[Data supplied Boundary: Start]
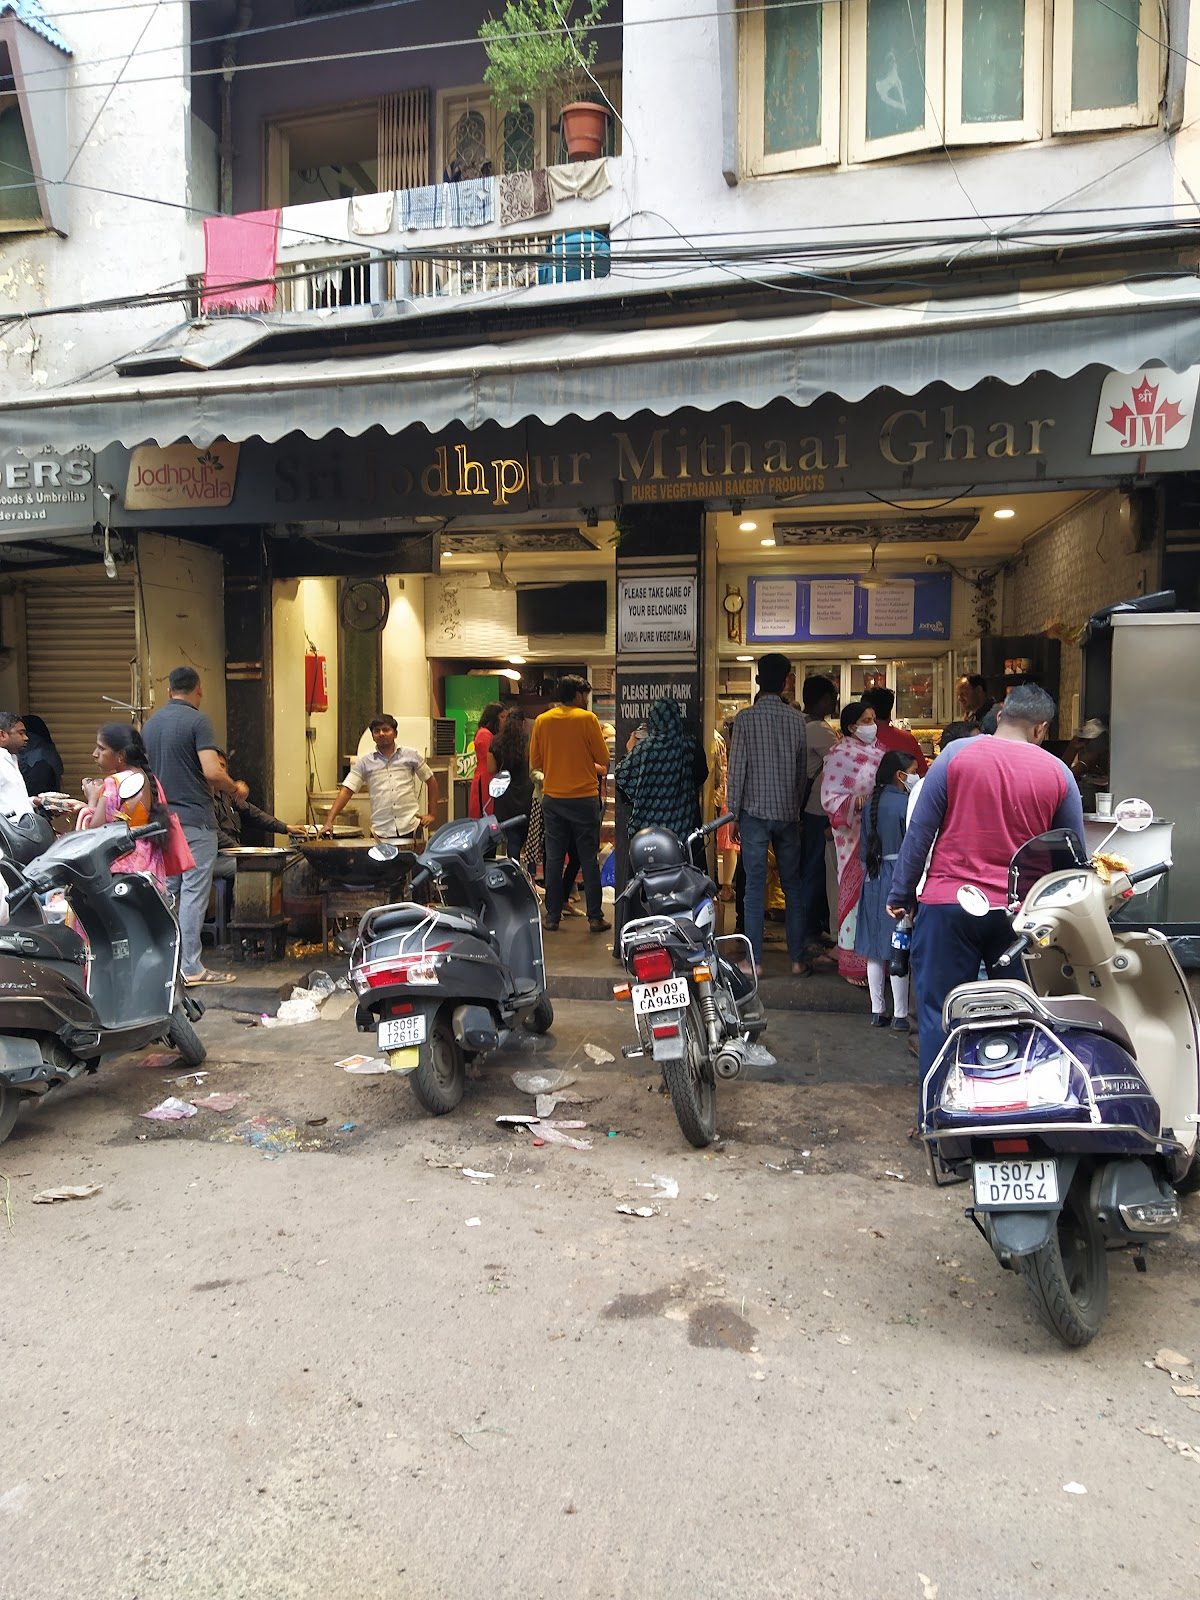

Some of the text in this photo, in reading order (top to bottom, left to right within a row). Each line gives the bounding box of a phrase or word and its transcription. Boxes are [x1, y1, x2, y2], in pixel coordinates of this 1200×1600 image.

[1138, 389, 1152, 403] श्री
[1120, 416, 1165, 448] JM
[359, 444, 592, 506] Jodhpur
[612, 415, 849, 482] Mithaai
[879, 404, 1056, 466] Ghar
[0, 460, 92, 488] ERS
[134, 463, 214, 488] Jodhpur
[631, 475, 825, 501] PURE VEGETARIAN BAKERY PRODUCTS
[27, 493, 34, 505] &
[36, 490, 87, 503] Umbrellas
[624, 586, 692, 600] PLEASE TAKE CARE OF
[628, 604, 687, 617] YOUR BELONGINGS
[624, 630, 691, 643] 100% PURE VEGETARIAN
[622, 683, 692, 700] PLEASE DON'T PARK
[620, 703, 640, 719] YOUR
[643, 982, 679, 999] AP 09
[640, 993, 687, 1011] CA9458
[387, 1017, 420, 1033] TS09F
[387, 1029, 420, 1044] T2616
[990, 1183, 1047, 1202] D7054
[Data supplied Boundary: End]
**Required action**.
Repeat the listing in full and exactly. Leave any pictures out.

**Written answer**.
Some of the text in this photo, in reading order (top to bottom, left to right within a row). Each line gives the bounding box of a phrase or word and its transcription. Boxes are [x1, y1, x2, y2], in pixel coordinates of this 1200×1600 image.

[1138, 389, 1152, 403] श्री
[1120, 416, 1165, 448] JM
[359, 444, 592, 506] Jodhpur
[612, 415, 849, 482] Mithaai
[879, 404, 1056, 466] Ghar
[0, 460, 92, 488] ERS
[134, 463, 214, 488] Jodhpur
[631, 475, 825, 501] PURE VEGETARIAN BAKERY PRODUCTS
[27, 493, 34, 505] &
[36, 490, 87, 503] Umbrellas
[624, 586, 692, 600] PLEASE TAKE CARE OF
[628, 604, 687, 617] YOUR BELONGINGS
[624, 630, 691, 643] 100% PURE VEGETARIAN
[622, 683, 692, 700] PLEASE DON'T PARK
[620, 703, 640, 719] YOUR
[643, 982, 679, 999] AP 09
[640, 993, 687, 1011] CA9458
[387, 1017, 420, 1033] TS09F
[387, 1029, 420, 1044] T2616
[990, 1183, 1047, 1202] D7054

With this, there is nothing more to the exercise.